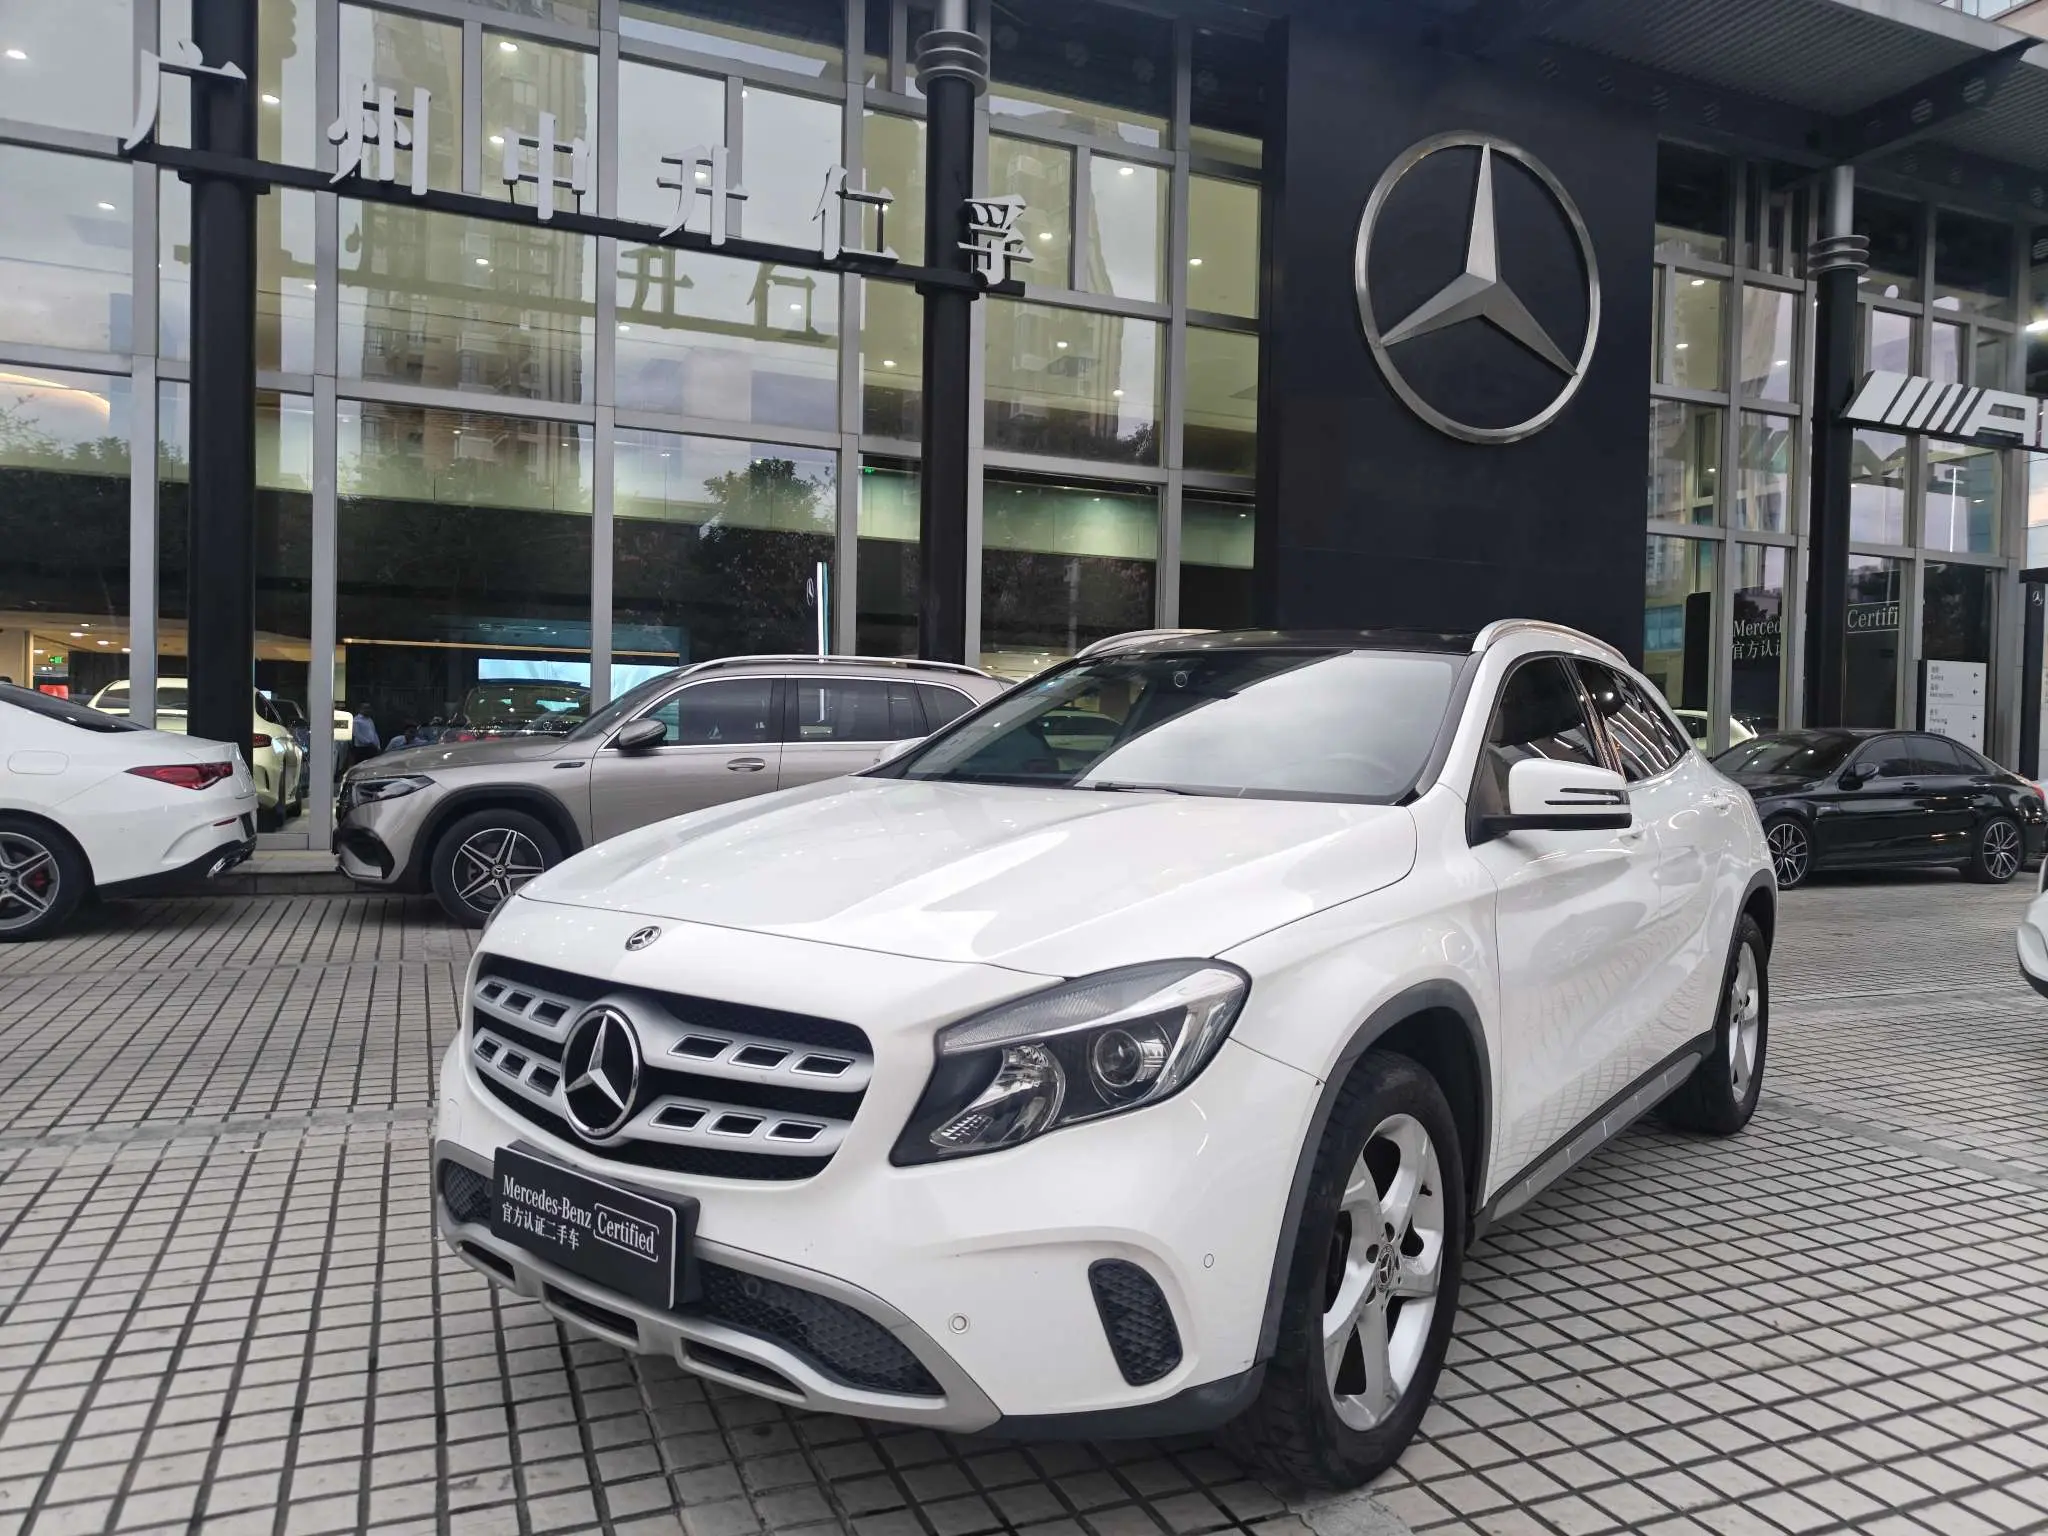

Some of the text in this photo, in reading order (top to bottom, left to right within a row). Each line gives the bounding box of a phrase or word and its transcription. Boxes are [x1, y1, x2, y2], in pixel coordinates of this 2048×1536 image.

[122, 39, 1034, 285] 广州中升仁孚
[502, 1174, 655, 1255] Mercedes-Benz Certified
[502, 1201, 580, 1251] 官方认证二手车
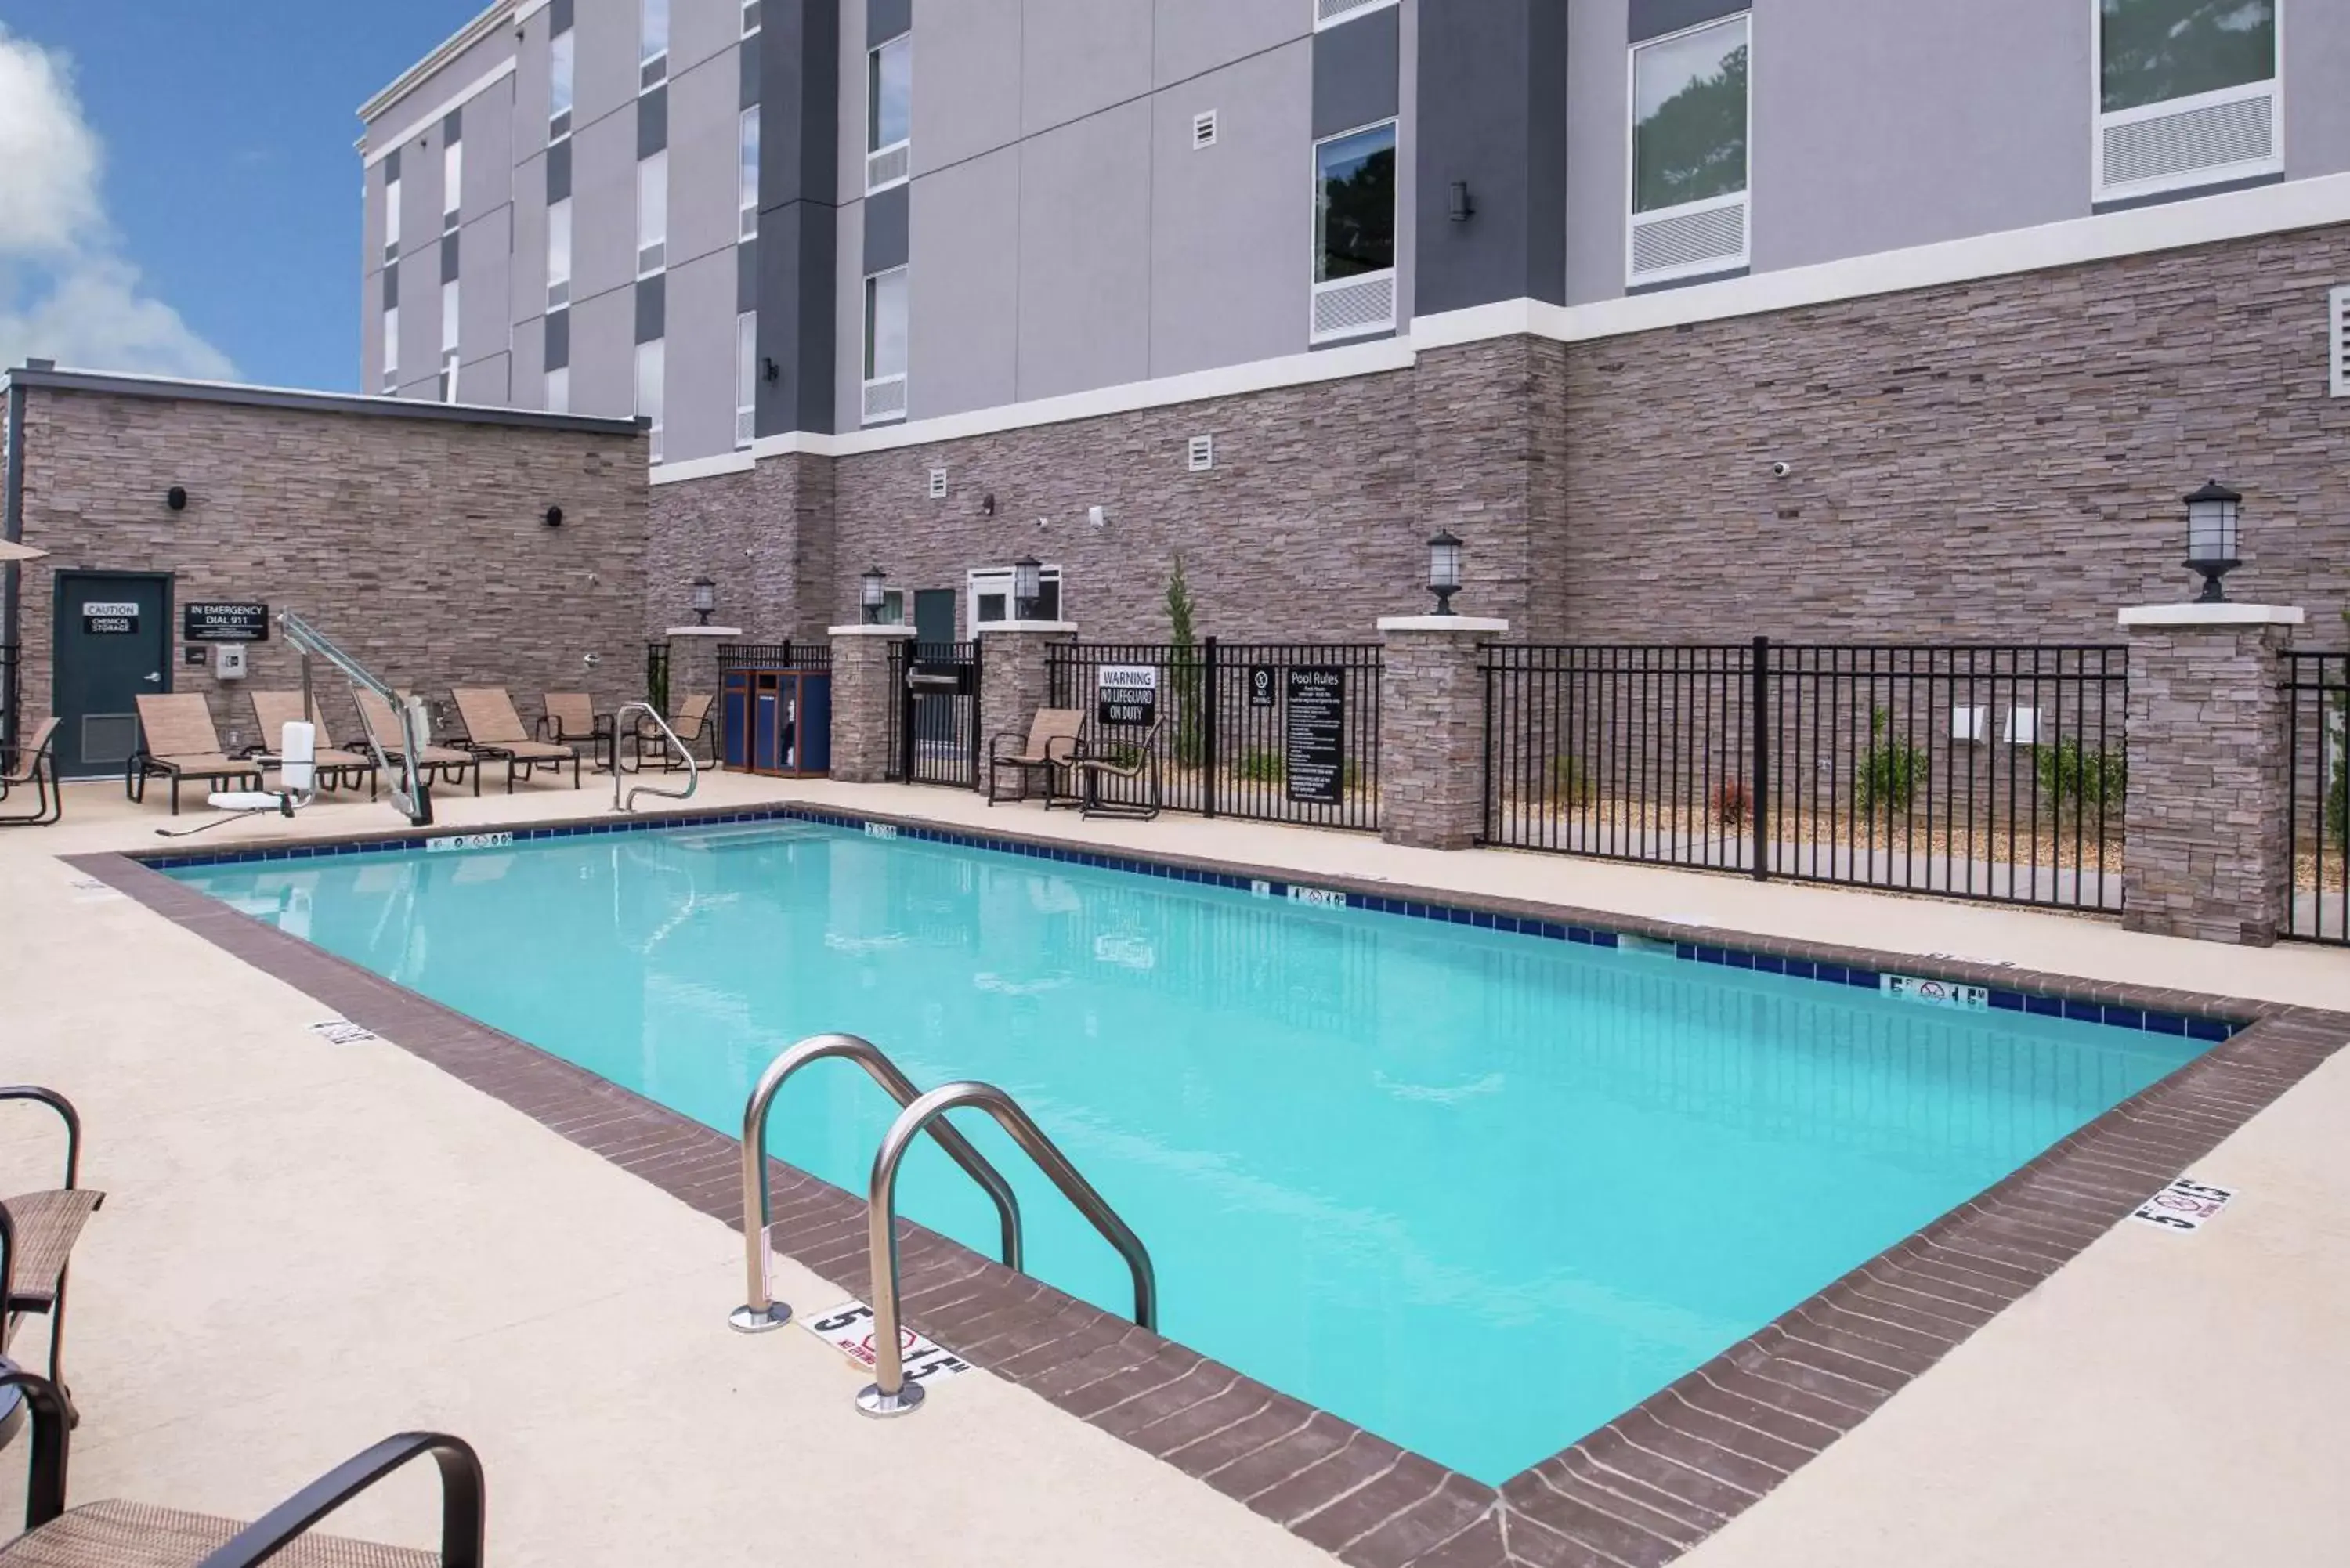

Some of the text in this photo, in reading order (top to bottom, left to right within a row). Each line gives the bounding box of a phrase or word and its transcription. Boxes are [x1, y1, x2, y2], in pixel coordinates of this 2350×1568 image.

[88, 605, 134, 615] CAUTION
[190, 605, 262, 615] IN EMERGENCY
[206, 616, 230, 624] DIAL
[1104, 671, 1151, 685] WARNING
[1292, 670, 1339, 685] Pool Rules
[1101, 688, 1152, 704] NO LIFEGUARD
[1110, 706, 1143, 720] ON DUTY
[2135, 1210, 2196, 1228] 5
[814, 1306, 873, 1331] 5

_ _ _ _

WORK INSTRUCTION: Starting at the line that contains "this 2350×1568 image.", retype each line through the last one in the records, both included, and add nothing.

ANSWER SECTION:
Some of the text in this photo, in reading order (top to bottom, left to right within a row). Each line gives the bounding box of a phrase or word and its transcription. Boxes are [x1, y1, x2, y2], in pixel coordinates of this 2350×1568 image.

[88, 605, 134, 615] CAUTION
[190, 605, 262, 615] IN EMERGENCY
[206, 616, 230, 624] DIAL
[1104, 671, 1151, 685] WARNING
[1292, 670, 1339, 685] Pool Rules
[1101, 688, 1152, 704] NO LIFEGUARD
[1110, 706, 1143, 720] ON DUTY
[2135, 1210, 2196, 1228] 5
[814, 1306, 873, 1331] 5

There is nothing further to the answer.